Eliminating dairy during the Paleo diet is optional. Your body will go through the same process of weaning off of carbohydrates as it would in the keto diet. Once you push past this “lull”, you’ll start seeing the benefits. Sticking with the Paleo diet isn’t easy, especially when we’re constantly surrounded by grains, processed foods, and sugars. But the benefits far outweigh the negatives if you can stick with it. Consider it a lifestyle change more than a diet.
Your main sources of food and energy during this meal plan are as follows:
- Grass fed meats
- Wild fish
- Fruit (in moderation)
- Tubers (sweet potatoes and yams)
Other health benefits of the Paleo diet include increased iron levels (due to the red meat), and anti-inflammatory benefits found in fruits, veggies, and nuts.
Another diet plan based on the eating habits of a certain group of people, the Mediterranean diet is inspired by the eating habits of Spain, Greece, and Southern Italy in the 40’s and 50’s. This is another meal plan that places great emphasis on consuming specific foods, but unlike the two previous diets, you are allowed whole-grains on the Mediterranean diet. Along with fish, produce, and healthy fats, this meal plan prides itself on decreased risk of heart disease, depression, dementia, and weight loss, just to name a few.
It’s no surprise that olives and olive oil are two of the preferred healthy fats on the Mediterranean diet, considering how popular these ingredients are in Greek culture and cuisine. A lot of emphasis is placed on eating nuts, seeds, and legumes as well, for as a source of healthy fats and antioxidants. When following the Mediterranean diet, most of your protein will come from fish and eggs. Lean meats and poultry are allowed, but in moderation. Dairy from cultured milk is also allowed. The one big difference in the Mediterranean diet is that whole-grains are allowed. You should focus on grains containing healthy fats and protein.

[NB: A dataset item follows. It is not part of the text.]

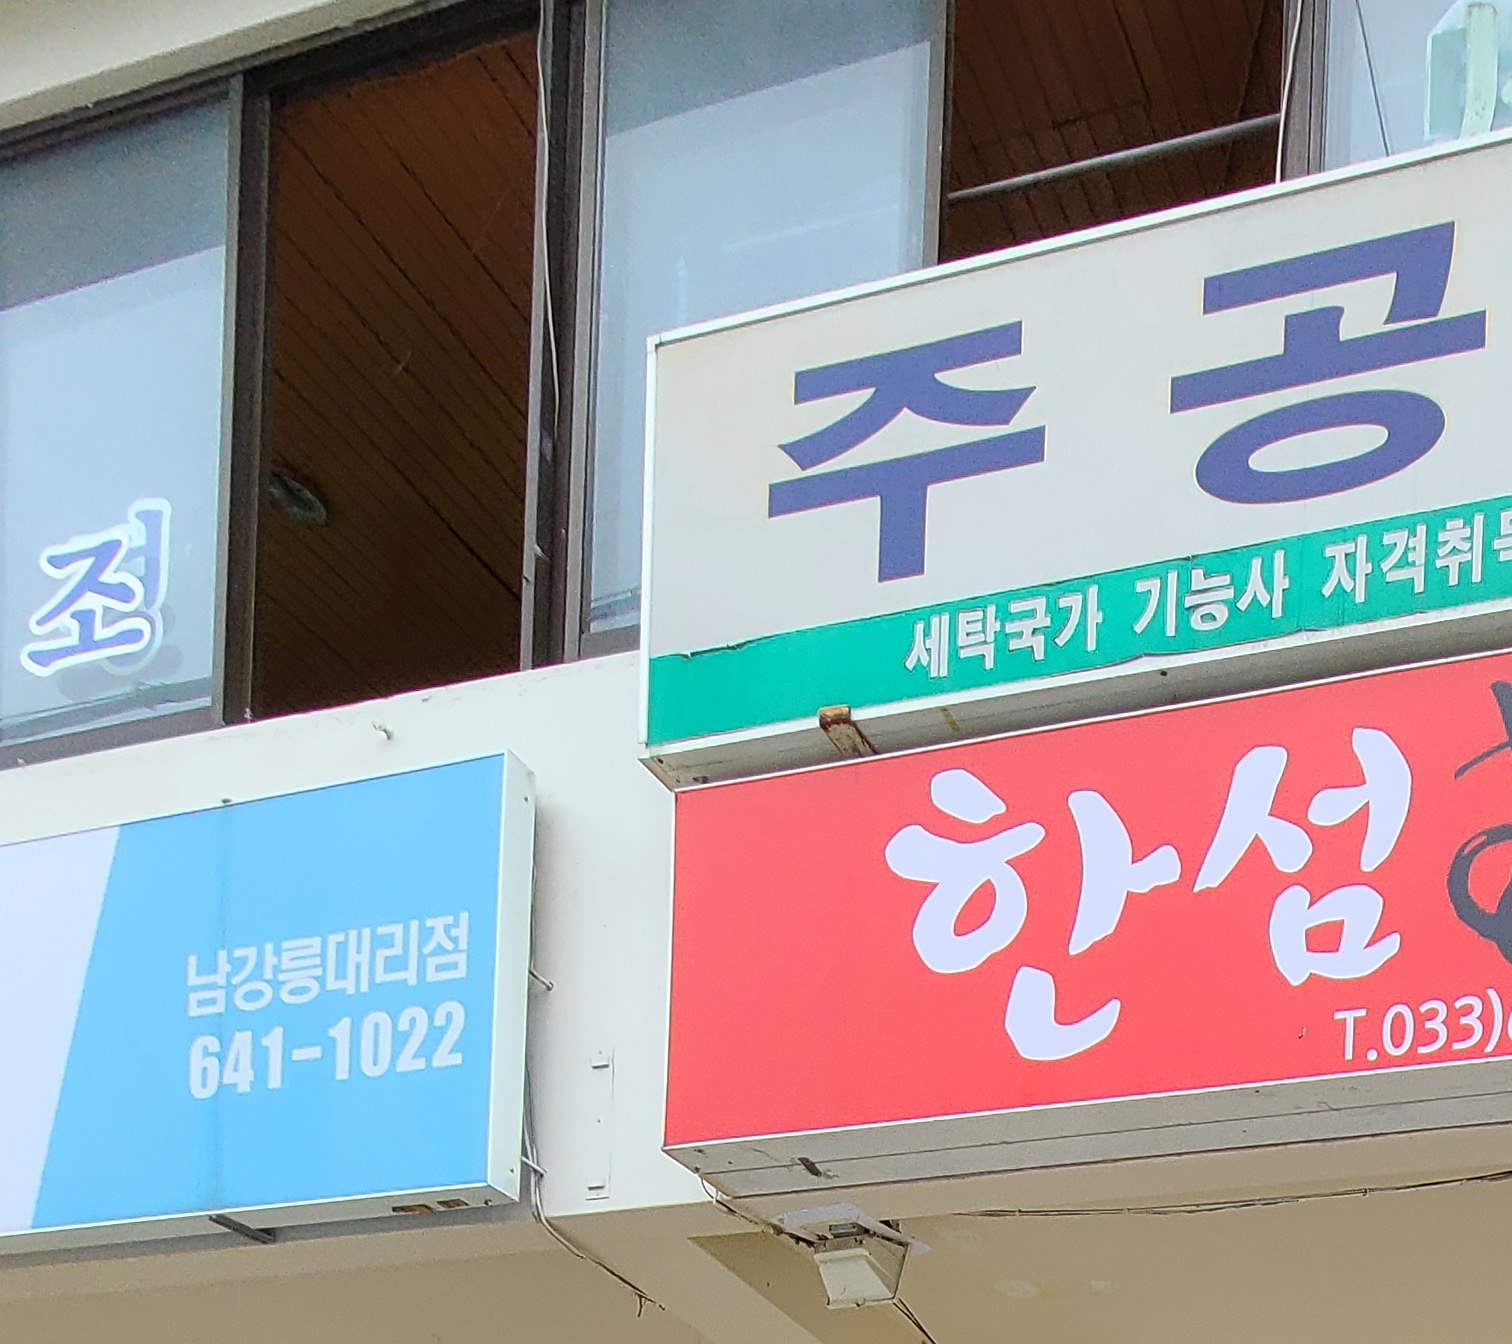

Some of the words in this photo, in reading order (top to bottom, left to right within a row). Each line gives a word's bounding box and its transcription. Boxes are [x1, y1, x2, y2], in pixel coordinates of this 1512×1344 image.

The DASH diet was actually designed specifically for health reasons, but has proven to offer weight loss benefits as well. The diet aims at lowering high blood pressure and addressing hypertension. Some of the main focuses include:
- Eliminating foods high in saturated fat, trans fats, and cholesterol
- Eating more whole-grains, fish, poultry, fruits, vegetables, and nuts
- Eliminating sugar, sweets, salt, and red-meat
The DASH diet is based on consuming a certain number of daily servings from a variety of food groups. Your servings will vary depending on your goals. Transitioning from your normal eating routine into the DASH diet plan is also done gradually, by limiting certain foods and making adjustments over an extended period of time. Here is a sample of what the DASH diet might look like.
- 6-8 daily servings of grains
- 4-5 daily servings of vegetables and fruit
- 2-3 daily servings of fat-free or low-fat dairy products
Weight loss is generally a positive side effect of the DASH diet but not the motivation for adopting it.
Set Realistic Goals
The best advice for sticking to any meal plan is to choose the plan that best fits your current lifestyle and goals. Assess the meal plan before starting. Does it sound like something you can realistically stick to? If it will be too limiting or not serve you, than perhaps consider an alternate diet. By setting realistic goals and choosing something that you’re capable of adhering to, you’re more likely to succeed.